Refer to the [original model card](https://huggingface.co/Kortix/FastApply-7B-v1.0) for more details on the model.
## Use with llama.cpp
Install llama.cpp through brew (works on Mac and Linux)
```bash
brew install llama.cpp
```
Invoke the llama.cpp server or the CLI.
### CLI:
```bash
llama-cli --hf-repo dat-lequoc/FastApply-7B-v1.0-Q8_0-GGUF --hf-file fastapply-7b-v1.0-q8_0.gguf -p "The meaning to life and the universe is"
```
### Server:
```bash
llama-server --hf-repo dat-lequoc/FastApply-7B-v1.0-Q8_0-GGUF --hf-file fastapply-7b-v1.0-q8_0.gguf -c 2048
```
Note: You can also use this checkpoint directly through the [usage steps](https://github.com/ggerganov/llama.cpp?tab=readme-ov-file#usage) listed in the Llama.cpp repo as well.

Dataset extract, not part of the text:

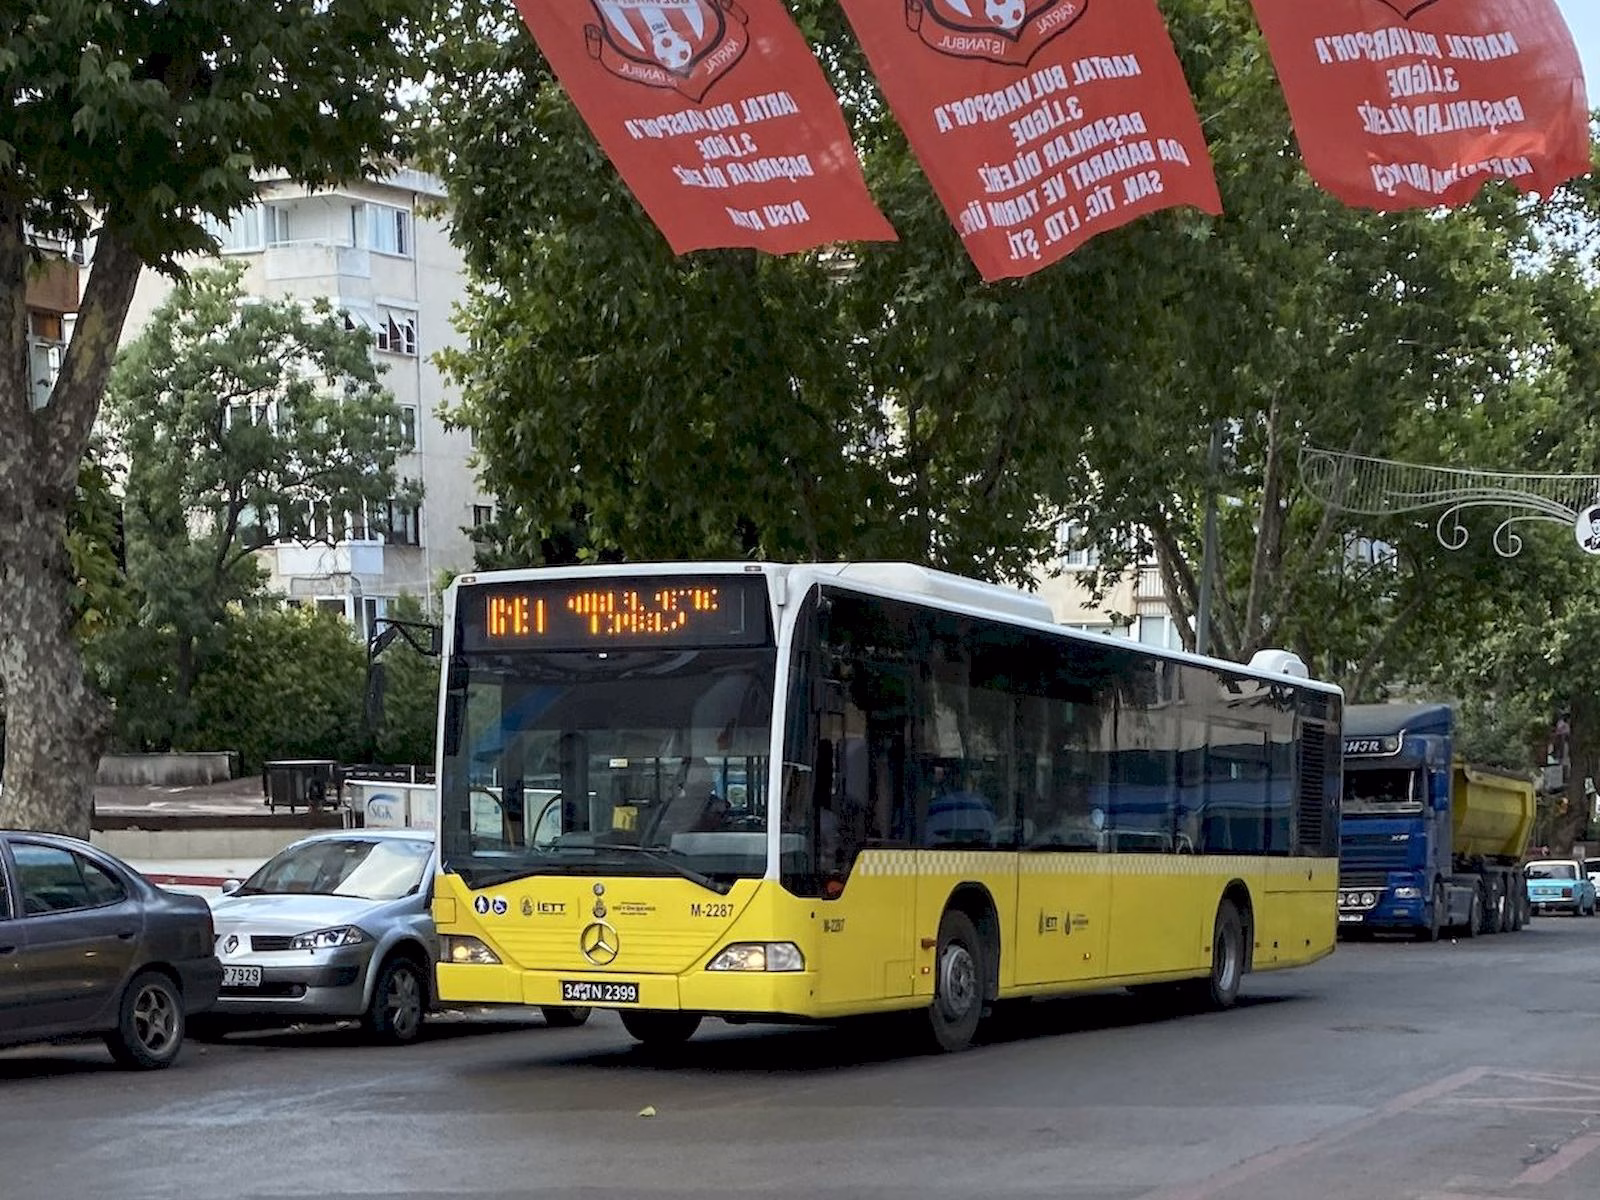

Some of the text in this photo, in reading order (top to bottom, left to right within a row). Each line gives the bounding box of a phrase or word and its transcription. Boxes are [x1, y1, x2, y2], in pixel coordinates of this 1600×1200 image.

[691, 903, 734, 918] M-2287
[231, 968, 259, 982] 7929
[564, 983, 580, 999] 34
[605, 985, 636, 1001] 2399

Step 1: Clone llama.cpp from GitHub.
```
git clone https://github.com/ggerganov/llama.cpp
```
Step 2: Move into the llama.cpp folder and build it with `LLAMA_CURL=1` flag along with other hardware-specific flags (for ex: LLAMA_CUDA=1 for Nvidia GPUs on Linux).
```
cd llama.cpp && LLAMA_CURL=1 make
```
Step 3: Run inference through the main binary.
```
./llama-cli --hf-repo dat-lequoc/FastApply-7B-v1.0-Q8_0-GGUF --hf-file fastapply-7b-v1.0-q8_0.gguf -p "The meaning to life and the universe is"
```
or
```
./llama-server --hf-repo dat-lequoc/FastApply-7B-v1.0-Q8_0-GGUF --hf-file fastapply-7b-v1.0-q8_0.gguf -c 2048
```